To help us answer the certified question, we have received briefing and oral argument from Conage and from the United States. After we heard oral argument, the State of Florida submitted a brief supporting Conage. Conage and the United States then filed responses to the State's brief.


The certified question is:

How does Florida law define the term “purchase” for purposes of Florida Statutes § 893.135(1)? More specifically, does a completed purchase for purposes of conviction under § 893.135(1) require some form of possession—either actual or constructive—of the drug being purchased?

Id. at 1263. The Eleventh Circuit explains that its focus “is on the conduct that the ‘purchasing’ element of [Florida's drug trafficking law] prohibits.” Id. at 1252. The court needs to know “what the State must prove in order to convict a defendant of purchasing a trafficking quantity of” illegal drugs. Id. at 1247.

Before explaining our answer to the certified question, we address a threshold issue about Florida's law of statutory interpretation. The United States encourages us to use an approach that is often linked to a passage from our Court's decision in Holly v. Auld, 450 So. 2d 217, 219 (Fla. 1984) (quoting A.R. Douglass, Inc. v. McRainey, 102 Fla. 1141, 137 So. 157, 159 (Fla. 1931)). There we said that “[w]hen the language of the statute is clear and unambiguous and conveys a clear and definite meaning, there is no occasion for resorting to the rules of statutory interpretation and construction.” In practice, following this maxim often leads the interpreter to focus on a disputed word or phrase in isolation; the maxim also leaves the interpreter in the dark about how to determine whether a particular word or phrase has a clear meaning.
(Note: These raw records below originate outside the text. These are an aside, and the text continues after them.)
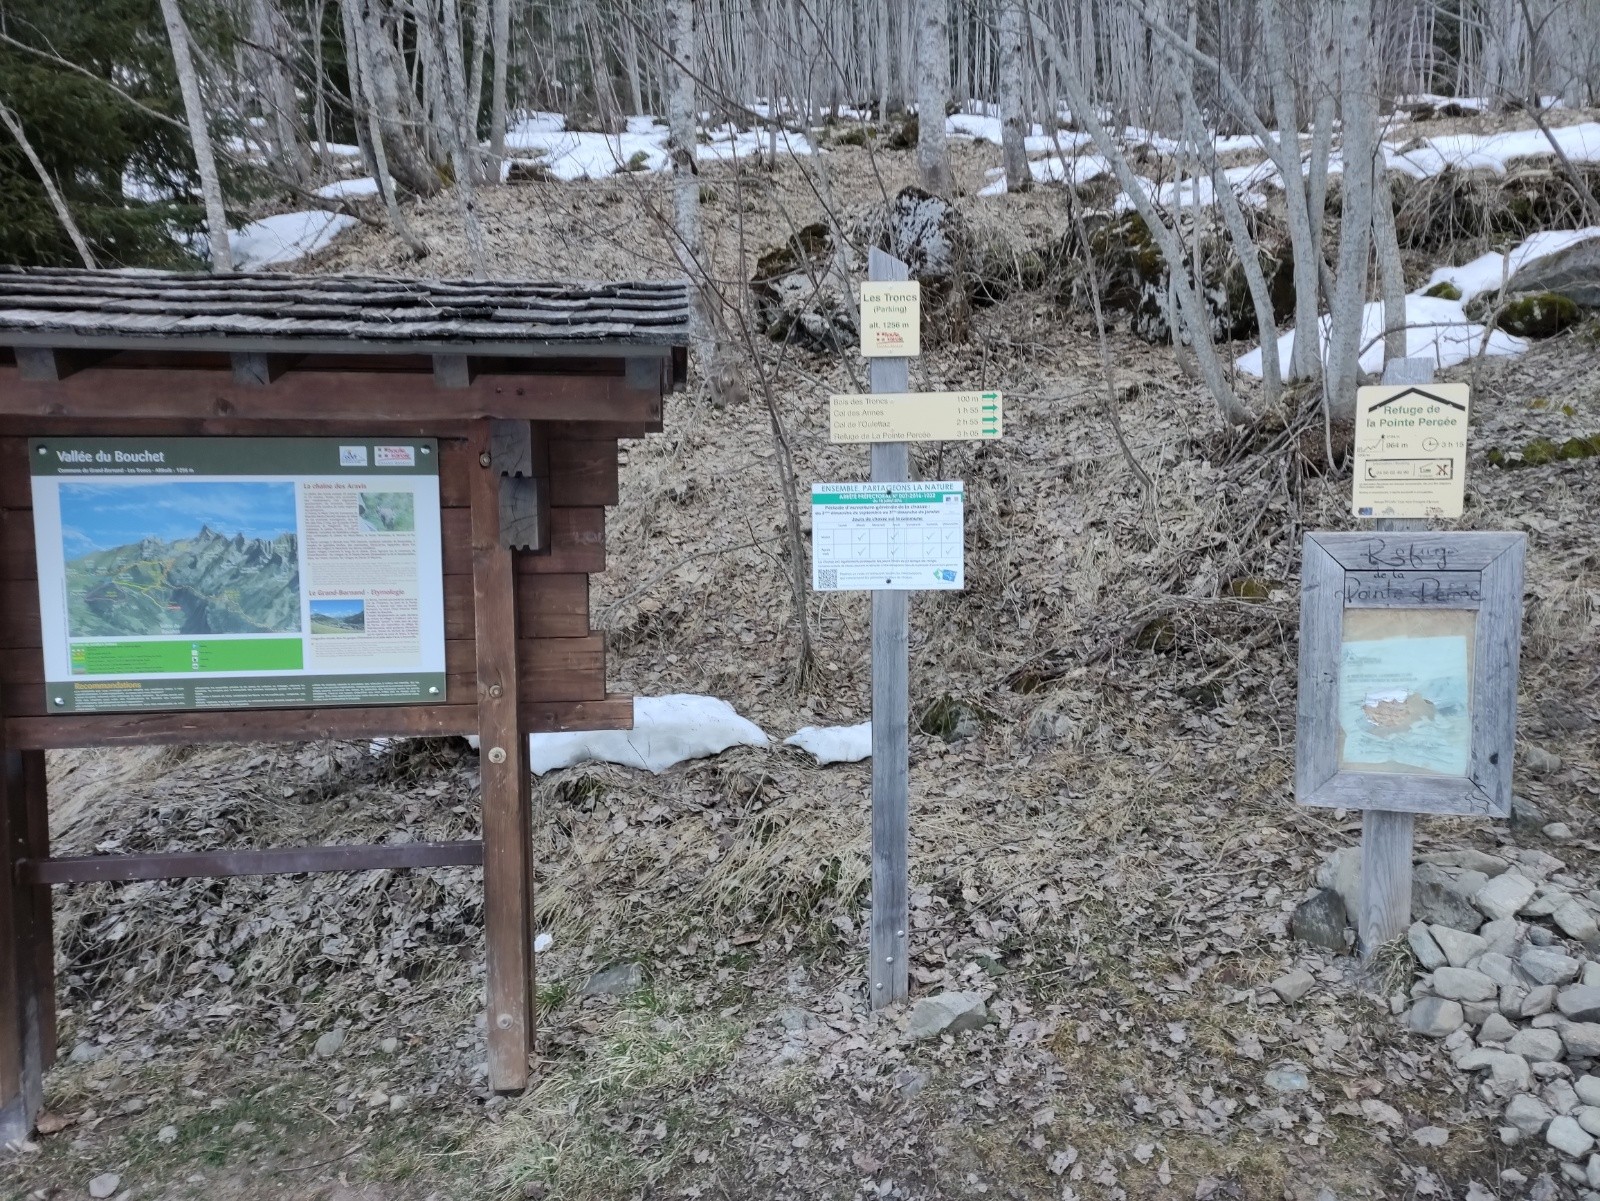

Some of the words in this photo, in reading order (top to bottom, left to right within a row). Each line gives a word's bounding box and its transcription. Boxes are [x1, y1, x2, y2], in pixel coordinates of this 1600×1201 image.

[864, 294, 881, 302] Les
[884, 293, 917, 302] Troncs
[873, 306, 907, 314] (Parking)
[957, 395, 970, 403] 100
[1384, 405, 1424, 416] Refuge
[1427, 405, 1441, 414] de
[833, 421, 846, 429] Col
[956, 418, 961, 426] 2
[1366, 419, 1376, 428] la
[1379, 418, 1415, 427] Pointe
[1419, 416, 1457, 426] Percée
[882, 431, 905, 439] Pointe
[56, 450, 93, 463] Vallée
[95, 450, 112, 463] du
[114, 450, 165, 463] Bouchet
[863, 484, 911, 492] PARTAGEONS
[924, 483, 954, 491] NATURE
[1373, 567, 1387, 579] de
[1393, 571, 1405, 579] la
[74, 682, 142, 690] Recommandations
We believe that the Holly principle is misleading and outdated. More recently our Court has said that judges must “exhaust ‘all the textual and structural clues’ ” that bear on the meaning of a disputed text. Alachua County v. Watson, 333 So. 3d 162, 169 (Fla. 2022) (quoting Niz-Chavez v. Garland, ––– U.S. ––––, 141 S. Ct. 1474, 1480, 209 L.Ed.2d 433 (2021)). That is because “[t]he plainness or ambiguity of statutory language is determined by reference to the language itself, the specific context in which that language is used, and the broader context of the statute as a whole.” Robinson v. Shell Oil Co., 519 U.S. 337, 341, 117 S.Ct. 843, 136 L.Ed.2d 808 (1997).

Viewed properly as rules of thumb or guides to interpretation, rather than as inflexible rules, the traditional canons of statutory interpretation can aid the interpretive process from beginning to end (recognizing that some canons, like the rule of lenity, by their own terms come into play only after other interpretive tools have been exhausted). It would be a mistake to think that our law of statutory interpretation requires interpreters to make a threshold determination of whether a term has a “plain” or “clear” meaning in isolation, without considering the statutory context and without the aid of whatever canons might shed light on the interpretive issues in dispute.3

With that, we turn to our analysis of the certified question.


We emphasize at the outset that there are two aspects to the Eleventh Circuit's question. The first is wholly a matter of state law: what “purchase” means in the context of section 893.135(1). The second involves federal law: whether the conduct that is a purchase under section 893.135(1) necessarily entails the defendant's possession of the purchased drugs as federal law defines possession.4 We think the clearest way to present our analysis is to start by explaining possession as a matter of federal law.

The Eleventh Circuit informs us that, under federal law, “ ‘possession’ includes both actual and constructive possession.” Conage, 976 F.3d at 1255. The former occurs when a person has “direct physical control” over the item in question. Id. By contrast, “constructive possession exists when the defendant exercises ownership, dominion, or control over the item or has the power and intent to exercise dominion or control.” Id. (quoting United States v. Beckles, 565 F.3d 832, 841 (11th Cir. 2009)). Another Eleventh Circuit precedent says that “[a] defendant has constructive possession of a substance when he has some form of control other than direct physical control.” United States v. Edwards, 166 F.3d 1362, 1364 (11th Cir. 1999). For example, “a defendant has constructive possession of a substance if it is being held by an agent of the defendant.” Id.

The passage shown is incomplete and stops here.